Ever since the devastating financial crisis of 2008, researchers have been probing the financial markets to understand what went wrong and how to prevent another crippling recession.
A Cornell statistician and his colleagues have found some tantalizing answers to those questions, by analyzing the crisis in a novel way. Rather than looking at the financial markets’ networks one at a time, they mapped out whether and how two specific networks interacted as the crisis evolved.
During the crisis, European banks stopped lending to each other, while their stock prices became highly correlated – a significant deviation from the two networks’ normal interaction, according to the study. The finding offers insights into how to tell if another financial crisis is starting to brew in the future.
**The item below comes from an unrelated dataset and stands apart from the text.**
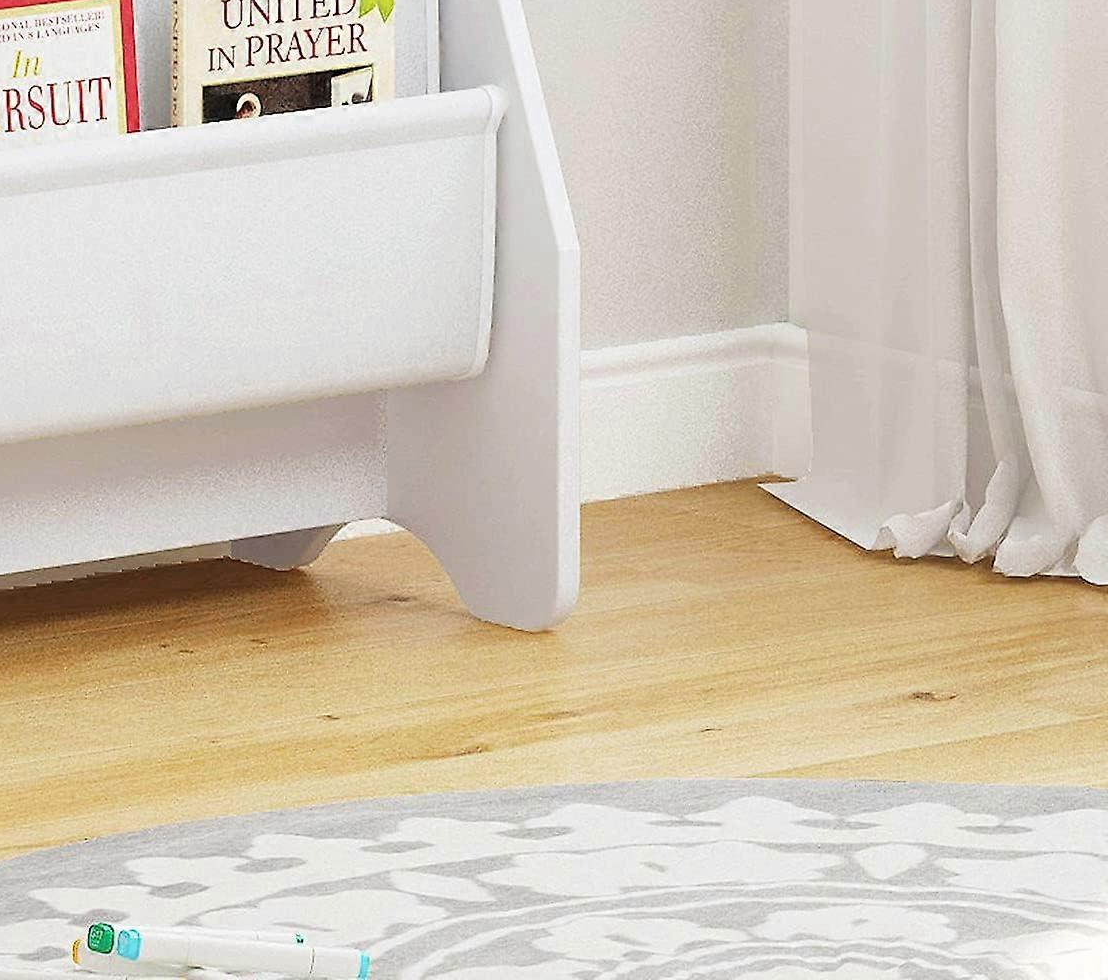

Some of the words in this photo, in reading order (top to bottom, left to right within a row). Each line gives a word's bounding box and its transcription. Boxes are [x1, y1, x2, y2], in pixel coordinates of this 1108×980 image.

The research, “Interconnectedness in the Interbank Market,” will appear in a future issue of the Journal of Financial Economics.
“The interbank market provides information on financial markets and the real economy that compliments the information derived from public stock returns,” said co-author Shawn Mankad, assistant professor of operations, technology and information management at the Samuel Curtis Johnson Graduate School of Management. “The work suggests both of these data sources should be utilized in early warning systems or any type of prediction model.”
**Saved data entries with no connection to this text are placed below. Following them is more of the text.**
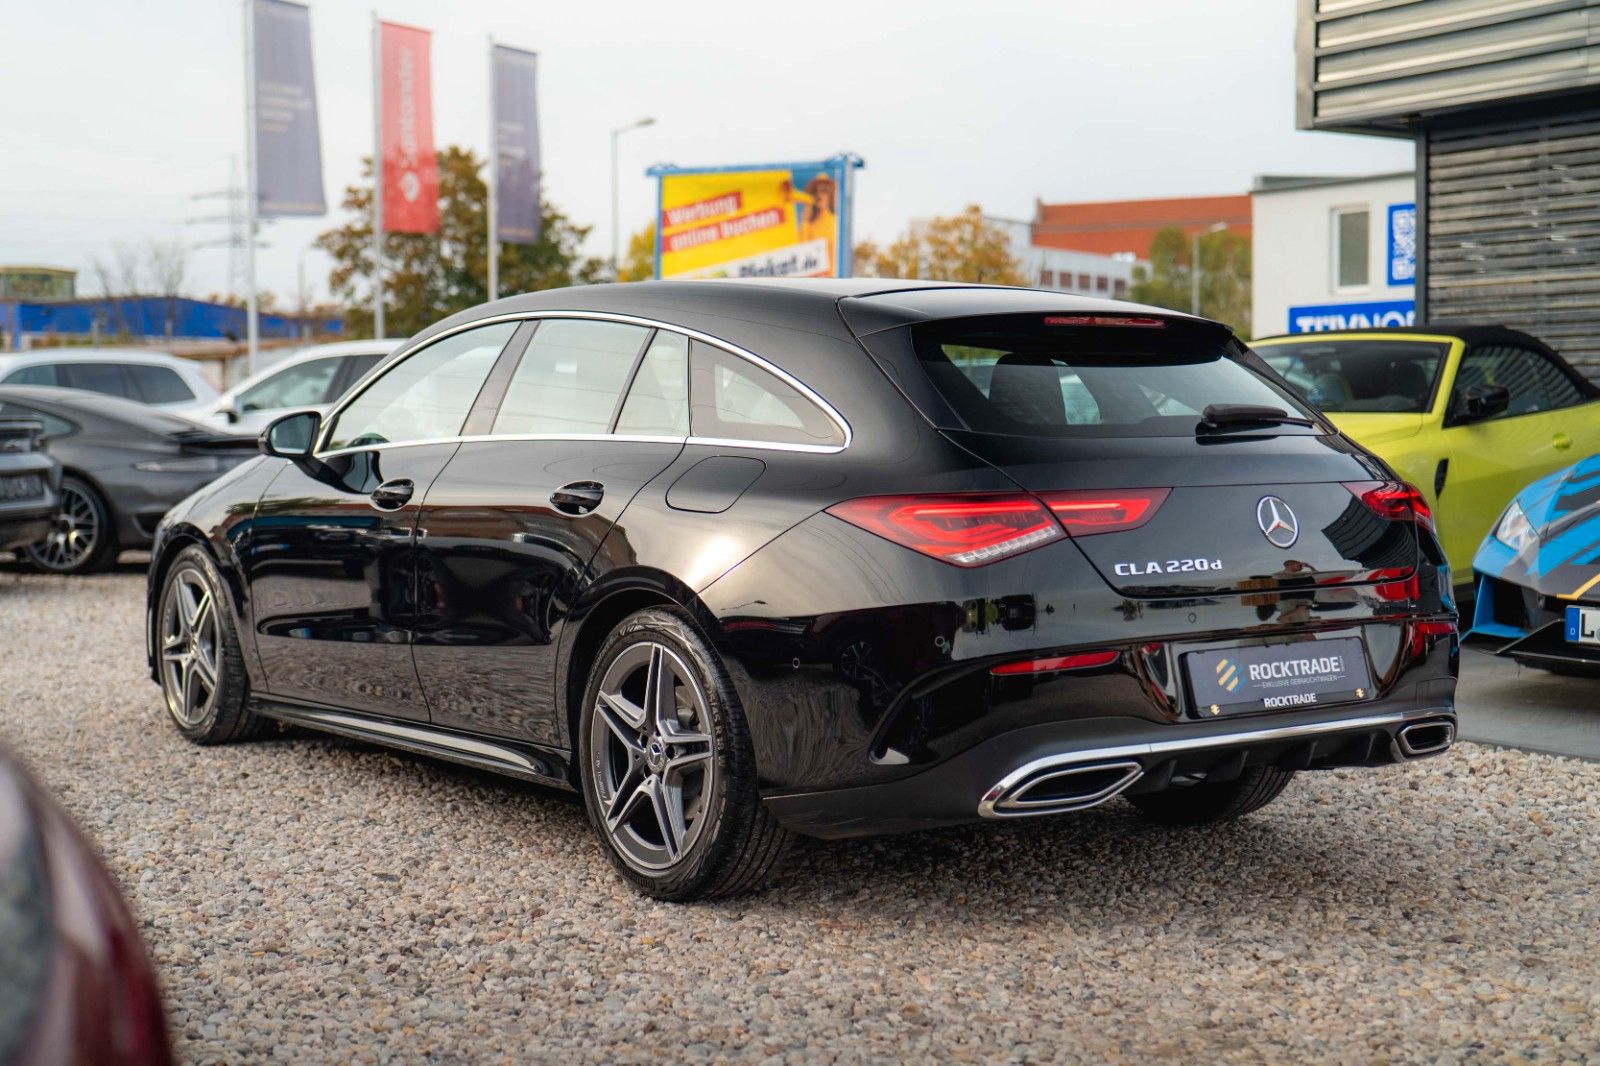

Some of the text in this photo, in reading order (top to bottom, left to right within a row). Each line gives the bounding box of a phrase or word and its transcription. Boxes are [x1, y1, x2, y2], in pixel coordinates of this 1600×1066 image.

[667, 195, 737, 224] Werbung
[671, 209, 780, 251] online buchen
[1114, 559, 1223, 576] CLA 220d
[1570, 627, 1576, 636] D
[1581, 613, 1595, 638] L
[1249, 656, 1341, 681] ROCKTRADE
[1263, 692, 1317, 709] ROCKTRADE
Leveraging recent advances in network analysis, Mankad and his colleagues studied the behavior of the European interbank market, in which banks lend and borrow from each other, before, during and after the 2008 financial crisis. To define the market more clearly, they created two new terms to describe two networks: the correlation network of banks’ stock returns, and the physical network of interbank trading.
Describing the correlation network, Mankad said: “If the stock prices of, say, Bank of America and JPMorgan Chase are moving together sufficiently on a graph, then we say they’re highly correlated.”
And the physical network of interbank trading is comprised of transactions between banks that lend and borrow from each other. “If JPMorgan says, ‘We need money to meet our obligations,’ they borrow money from Bank of America at certain rate on the overnight market,” Mankad said. “We can observe that through the data and that’s a way of constructing the physical network.”
The researchers examined how each network’s inner connections were affected by shocks related to the European Central Bank’s interventions and operations.
They found that, before the crisis, each network had a similar number of internal connections. But during the crisis, the networks began to behave in very different ways. The correlation network became increasingly interconnected, with more tightly bound connections. “Stock prices became super correlated because everyone was selling their stocks at the same time,” Mankad said. “So the correlation network was a big ball of connections.”
At the same time, the physical network’s inner connections dropped significantly. Banks were less likely to lend to other banks, because they doubted they would ever get paid back. That led to fewer connections in the network, impairing interbank liquidity.
The researchers also found that the two networks respond differently to monetary and economic shocks. The physical networks adjusted strongly and quickly when the European Central Bank intervened in the crisis to promote funding and market liquidity. But the correlation networks did not.
The researchers further compared the networks to test whether interconnectedness measures could be used to forecast short term economic conditions, such as unemployment rates and industrial production. They found the correlation networks can identify and forecast periods of impending financial crisis. And physical interbank trading networks can identify weakening interconnections in the interbank system that may lead to liquidity problems.
That’s because banks have their own confidential information that they bring into the interbank market, Mankad said. “Even if you’re working at a stock exchange, you can’t tell from stock prices if a bank is borrowing money or not. So we showed theoretically that there may be some additional information in the physical network.”
The work has implications for how to predict future crises. It suggests regulators that analyze physical network data for weaknesses in the financial markets, such as the European Central Bank and the Federal Reserve, are doing the right thing.
The research also suggests stock exchanges could perhaps release aggregate statistics that indicate how the entire market is operating, Mankad said. “That could be useful for individual investors because it could serve as part of an early warning system that would tell you something about whether you’re entering a crisis period or not.”
Mankad wrote the paper with Celso Brunetti of the Federal Reserve Board, Jeff Harris of American University and George Michailidis of the University of Michigan. The research was supported by the National Science Foundation.